5 Fitness Apps That Actually Make Me Want to Work Out on Quest

The best fitness and workout apps for Meta Quest 3 and Quest 3S, tested through months of regular use. Real calorie burns, real opinions, real sweat.

I hate going to the gym. I’ve tried running, cycling, group classes — none of it stuck longer than a few weeks. But somehow, strapping a headset to my face and flailing at virtual targets has been my most consistent exercise habit in years. I’ve been working out in VR three to five times a week since August 2025.

Not every fitness app is worth your time, though. I’ve tried over a dozen and most of them felt like tech demos. These five are the ones that kept me coming back.

Supernatural — The Gold Standard

Supernatural is the Peloton of VR fitness and it earns the comparison. You stand in photorealistic environments — mountain peaks, beaches, deserts — and swing at targets synced to licensed music from real artists. The production quality is higher than anything else in VR fitness.

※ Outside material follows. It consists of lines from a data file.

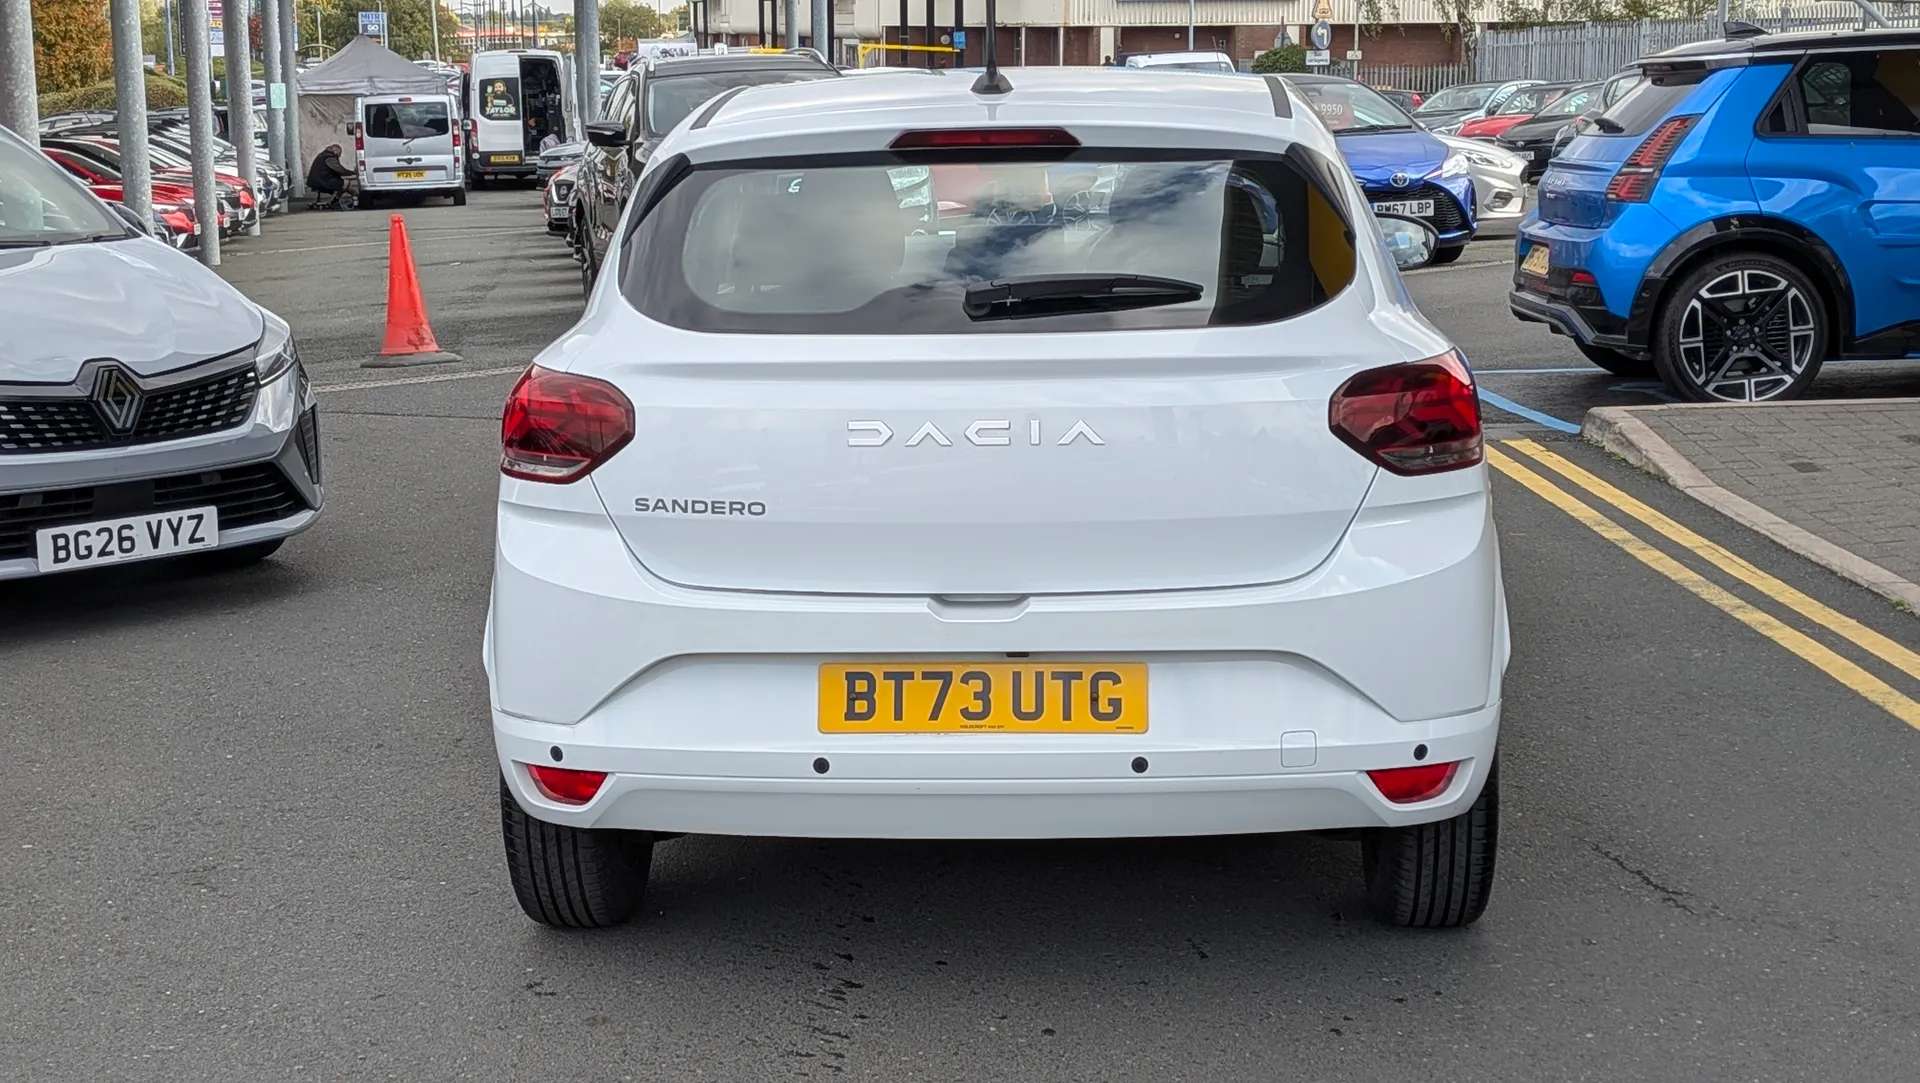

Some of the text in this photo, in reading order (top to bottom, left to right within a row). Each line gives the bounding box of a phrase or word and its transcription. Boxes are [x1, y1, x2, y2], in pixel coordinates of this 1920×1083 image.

[485, 106, 516, 114] TAYLOR
[1409, 202, 1431, 215] LBP
[847, 419, 1106, 447] DACIA
[634, 497, 766, 516] SANDERO
[51, 513, 205, 564] BG26 VYZ
[844, 670, 1123, 722] BT73 UTG

What sets it apart is the coaching. Real human coaches guide each workout, calling out form cues and keeping the energy up. It sounds cheesy until you realize it’s the difference between a 20-minute session and a 40-minute one. The structured programs (30-day challenges, specific muscle group focuses) add progression that most VR fitness apps lack.

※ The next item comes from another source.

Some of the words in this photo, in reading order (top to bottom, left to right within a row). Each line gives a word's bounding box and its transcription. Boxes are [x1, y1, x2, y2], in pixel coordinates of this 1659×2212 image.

The catch: it’s $9.99/month. And it’s a Meta exclusive — no Vision Pro version. For that subscription, you get daily new workouts and a library of hundreds of past sessions. I average 350-500 calories burned per 30-minute session according to my Apple Watch.

Beat Saber — The Workout Disguised as a Game

Beat Saber isn’t marketed as a fitness app, but it might be the most effective one on Quest. On Expert and Expert+ difficulty, you’re swinging, ducking, and dodging for the entire length of a song. My heart rate consistently hits 140-160 BPM during intense sessions.

The trick is to play on higher difficulties and enable the “no fail” modifier so you keep moving even when you miss. I usually do 30-45 minutes of Expert-level songs as a warm-up before Supernatural or as a standalone cardio session on lighter days.

At $29.99 with no subscription, it’s the best fitness value on the platform. The custom song community (through modding) gives you essentially unlimited content.

Les Mills Bodycombat — Martial Arts Without the Awkwardness

If you’ve ever been curious about kickboxing or martial arts workouts but felt self-conscious in a class, this is for you. Les Mills Bodycombat adapts the popular gym class format into VR, with jabs, crosses, hooks, uppercuts, and kicks scored against targets.

The workouts range from 10 to 45 minutes and are sorted by intensity level. I find the 25-minute “cardio combat” sessions hit the sweet spot — intense enough to drench my shirt, short enough to fit into a lunch break.

It costs $29.99 with no subscription. The workout library isn’t as deep as Supernatural’s, but what’s there is well-designed. My one complaint is that the kick detection can be inconsistent — it occasionally misses clean kicks or registers phantom ones.

FitXR — The Variety Pick

FitXR tries to be everything: boxing, HIIT, dance, sculpt, combat. And surprisingly, most of it works. The boxing workouts are excellent, the HIIT sessions are brutal, and the dance classes are fun if you can get over looking ridiculous in your living room.

What I appreciate is the class schedule format. New live-style classes appear daily, and there’s a social element where you can see other players’ avatars working out alongside you. It adds a subtle motivation that solo workouts lack.

FitXR costs $12.99/month, which is steep when combined with any other subscriptions. The free tier is very limited — a few classes per category. But if you want variety and you’re only going to subscribe to one fitness app, FitXR covers more bases than Supernatural.

Pistol Whip — Cardio Through Action

Pistol Whip is technically a rhythm shooter, but played on hard difficulty, it’s a legitimate squat workout. You dodge bullets by physically ducking and leaning, all while shooting to the beat. Twenty minutes of Pistol Whip leaves my quads burning.

It’s $29.99 with no subscription and includes several dozen scenes. The “2089” campaign is particularly good for sustained cardio. It won’t replace a structured fitness program, but it’s the most fun way to get your heart rate up when you don’t feel like a “workout.”

Quick Tips for VR Fitness

  • Get a silicone face cover. The stock foam absorbs sweat and becomes disgusting. A $15 silicone cover is easy to wipe down.
  • Point a fan at your play area. Overheating in a headset is miserable. A floor fan makes a huge difference.
  • Wear the wrist straps. Sweaty hands plus vigorous swinging equals a controller-shaped hole in your TV. Don’t learn this the hard way.
  • Track with an external device. The Quest’s built-in calorie tracking is wildly inaccurate. Use a smartwatch for real data.

VR fitness isn’t a gimmick anymore. These apps have kept me more active than any gym membership ever did, and I’m saying that as someone who genuinely dislikes exercise. If you own a Quest and you’re not using it to work out, you’re missing its best feature.